Keep Coming Back
MIKE ZITO & THE WHEEL
Keep Coming Back
RUF RECORDS
"The most joyful album I've ever recorded" says the ever-active Mike Zito of Keep Coming Back.
In light of the punishing work schedule which has seen Zito turn in the masterful Gone To Texas and Songs From The Road with The Wheel, make a significant contribution to The Royal Southern Brotherhood, act as a guest sessioneer and producer on several recordings by his Ruf peers, and tour almost relentlessly, this is no throwaway boast.
Small wonder that he describes the process as joyful. There must be a fantastic sense of fulfilment in the origination, production and final release of an album that corrals all that is great about Mike Zito into twelve tracks, including ten originals/co-writes he describes as “the best collection of songs I've written yet"
Whatever the blues is, Zito travels the length and breadth of its accepted territory and elastic boundaries, meaning that Keep Coming Back has almost a Venn Diagram effect as genres, themes and emotions blend, blur and abut, maintaining listener interest and buy-in.
In light of his own well-documented former personal problems, it is gratifying to find that Keep Coming Back places songs of optimism, encouragement and spiritual fortitude in key places.

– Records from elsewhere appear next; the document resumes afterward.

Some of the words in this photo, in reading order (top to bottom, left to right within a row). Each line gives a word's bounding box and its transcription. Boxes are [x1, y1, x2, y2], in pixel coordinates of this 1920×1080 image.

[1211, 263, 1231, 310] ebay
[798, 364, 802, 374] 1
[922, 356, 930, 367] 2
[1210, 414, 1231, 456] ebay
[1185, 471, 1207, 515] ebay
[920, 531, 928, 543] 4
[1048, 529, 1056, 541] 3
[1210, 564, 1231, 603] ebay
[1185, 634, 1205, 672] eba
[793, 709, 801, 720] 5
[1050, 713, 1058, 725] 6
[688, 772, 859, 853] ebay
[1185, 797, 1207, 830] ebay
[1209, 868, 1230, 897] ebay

Zito’s slide drives the opening title track’s boogie, before he stokes up a Berryesque chug in ‘Keep Your Chin Up’, and urges the grasping of opportunities, like he has had in learning lessons the hard way, in ‘Get Busy Living’. The more mainstream rock of ‘Girl From Liberty’ is an infectious celebration of life.
Yet Zito has an estimable reflective soulful side, proof that for him, blues is not just about the six-string. Vocally sounding better than ever, ‘Early In The Morning’ and ‘Lonely Heart’ impress as he inhabits the song, but ‘What's On Your Mind’ emerges as the most intense singing on the album, Mike’s pleading soul vocal full of regret as saxophonist Jimmy Carpenter embellishes the gospel-tinged delivery sympathetically and tastefully. He dons the hairshirt too, recognising his troubled past in the heartbreaking country-tinted semi-confessional ‘I Was Drunk’.

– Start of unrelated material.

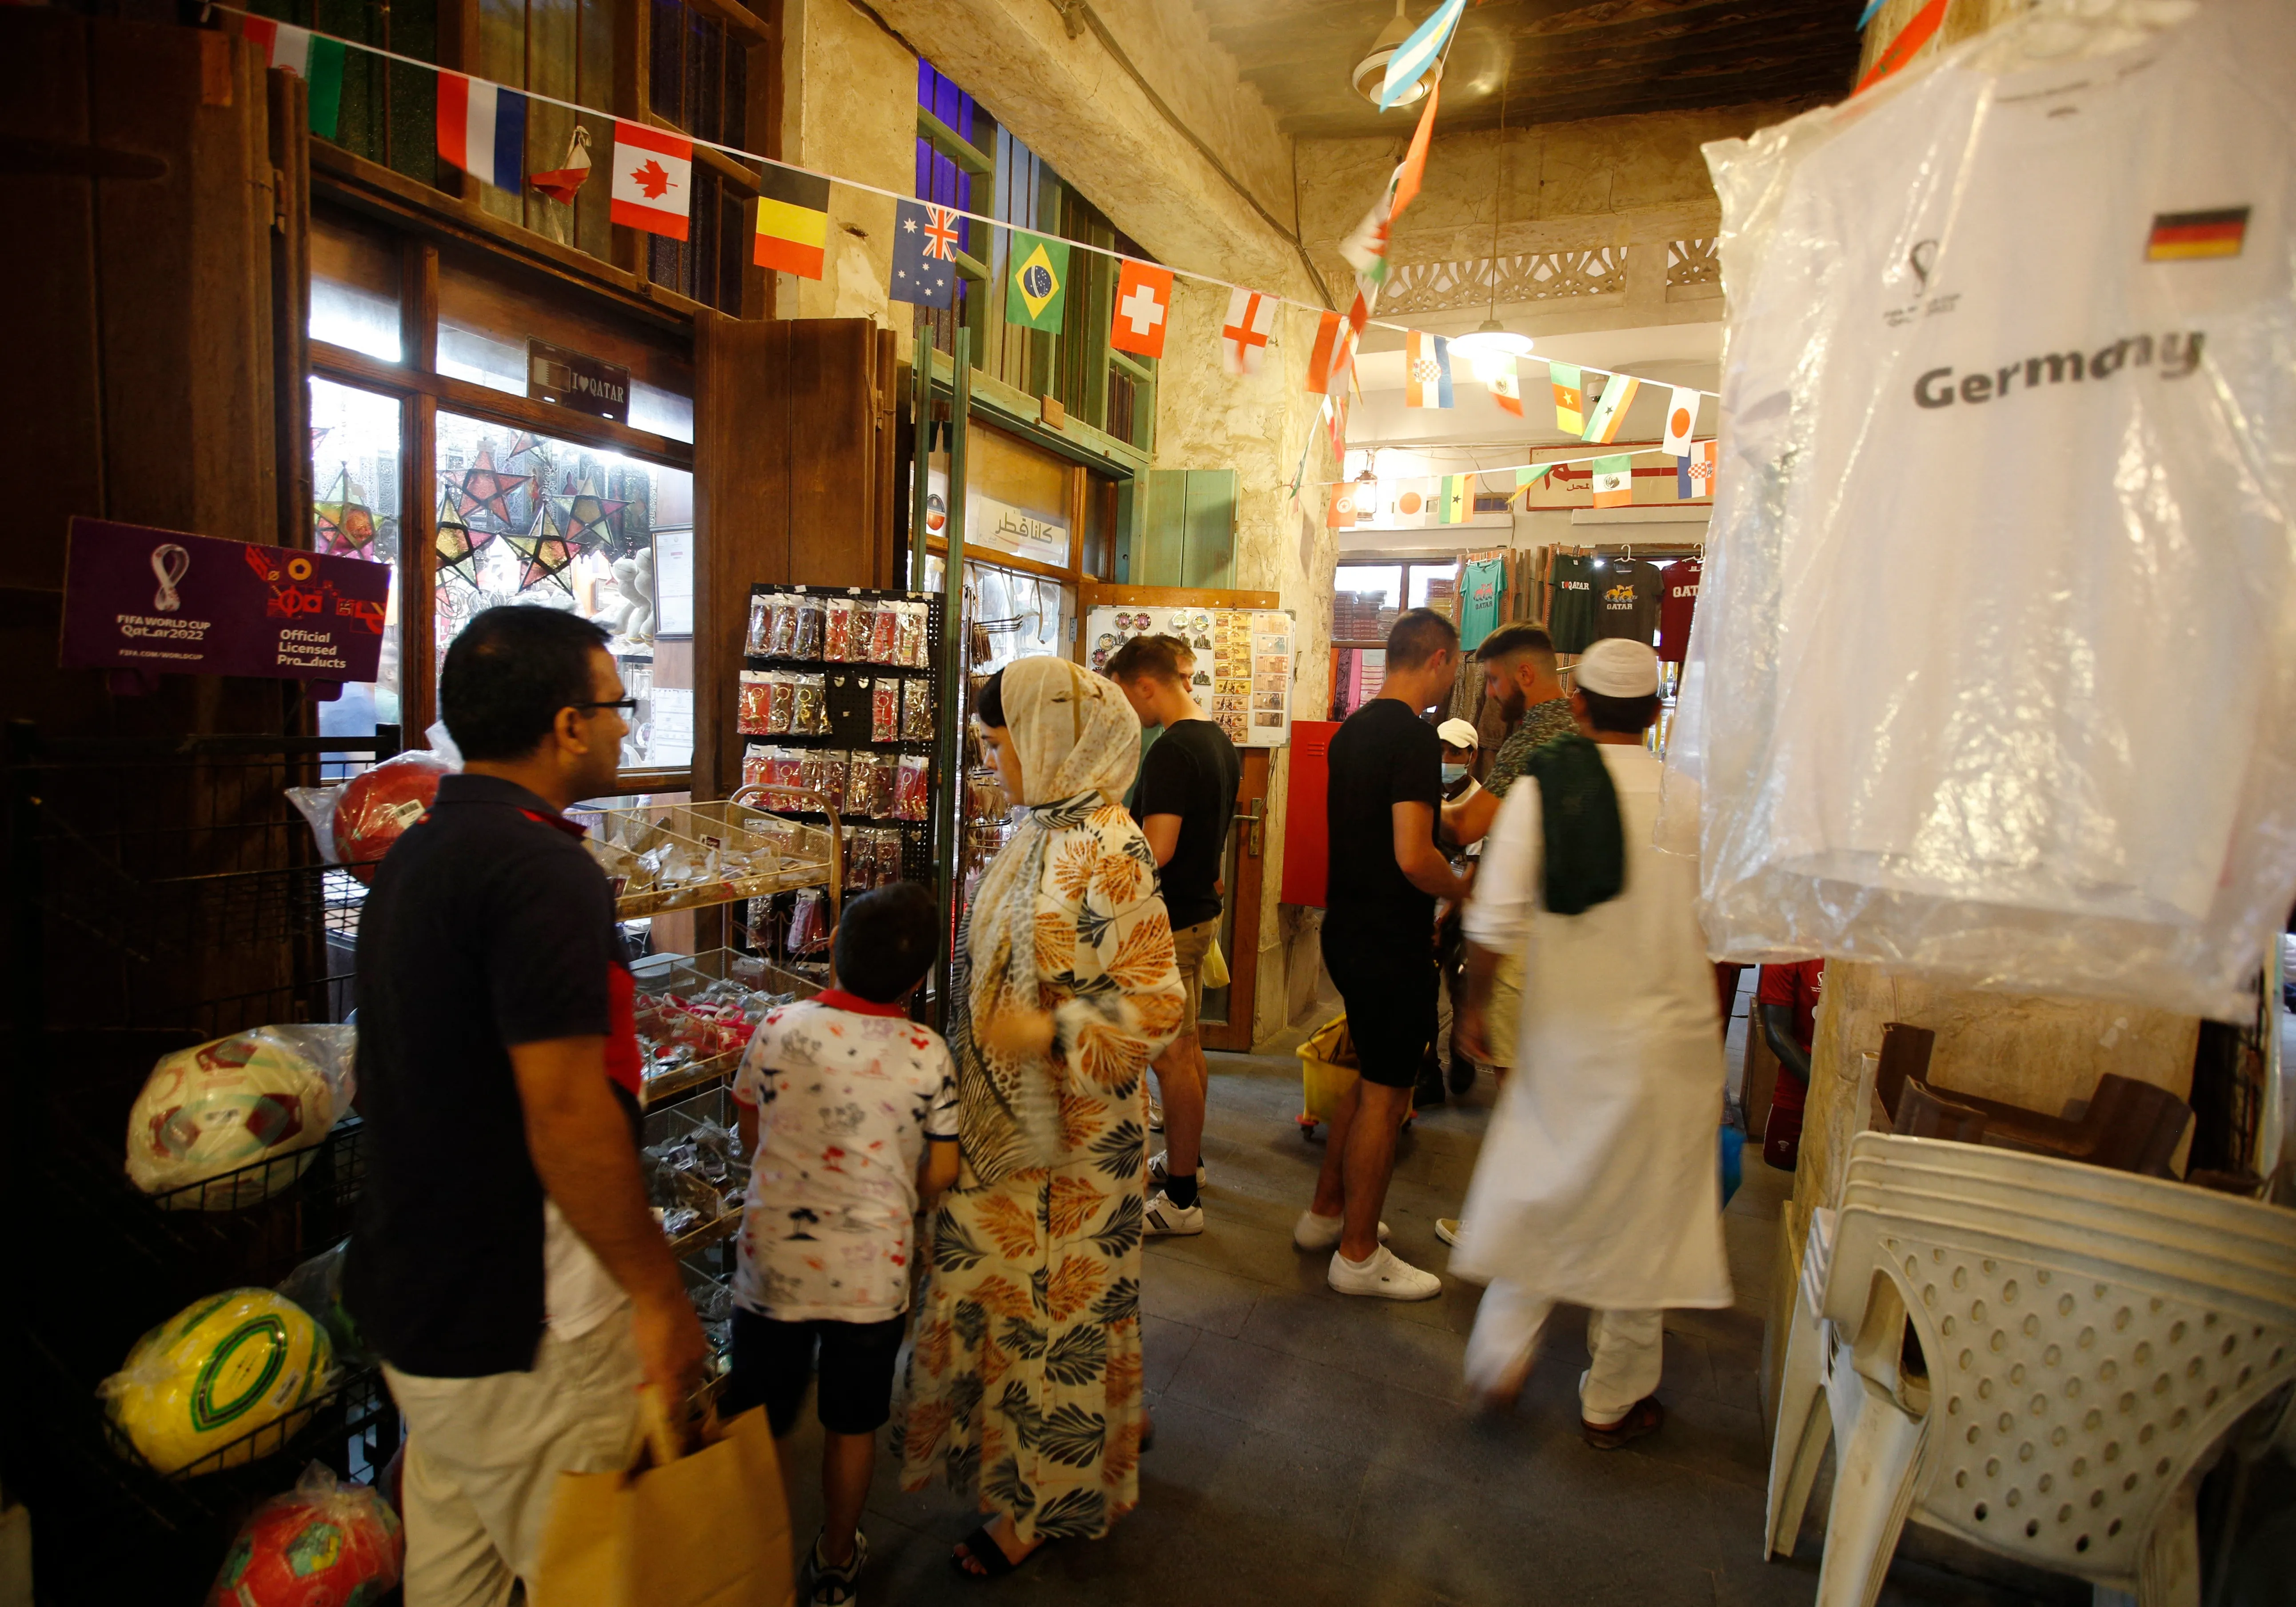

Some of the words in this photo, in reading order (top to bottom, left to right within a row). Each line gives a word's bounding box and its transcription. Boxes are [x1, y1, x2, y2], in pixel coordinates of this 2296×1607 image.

It’s no surprise to find a driving, churning ‘Get Out Of Denver’ aboard, as Zito and Bob Seger share a love of soul and blues-based rock, and ‘Nothin' But The Truth’ would feel at home on any Silver Bullet Band release. The closing ‘Bootleg’ even sees Zito find his inner Lee Dorsey on John Fogerty's loping, juddering New Orleans funk workout.
We are fortunate to be living in Mike Zito’s time.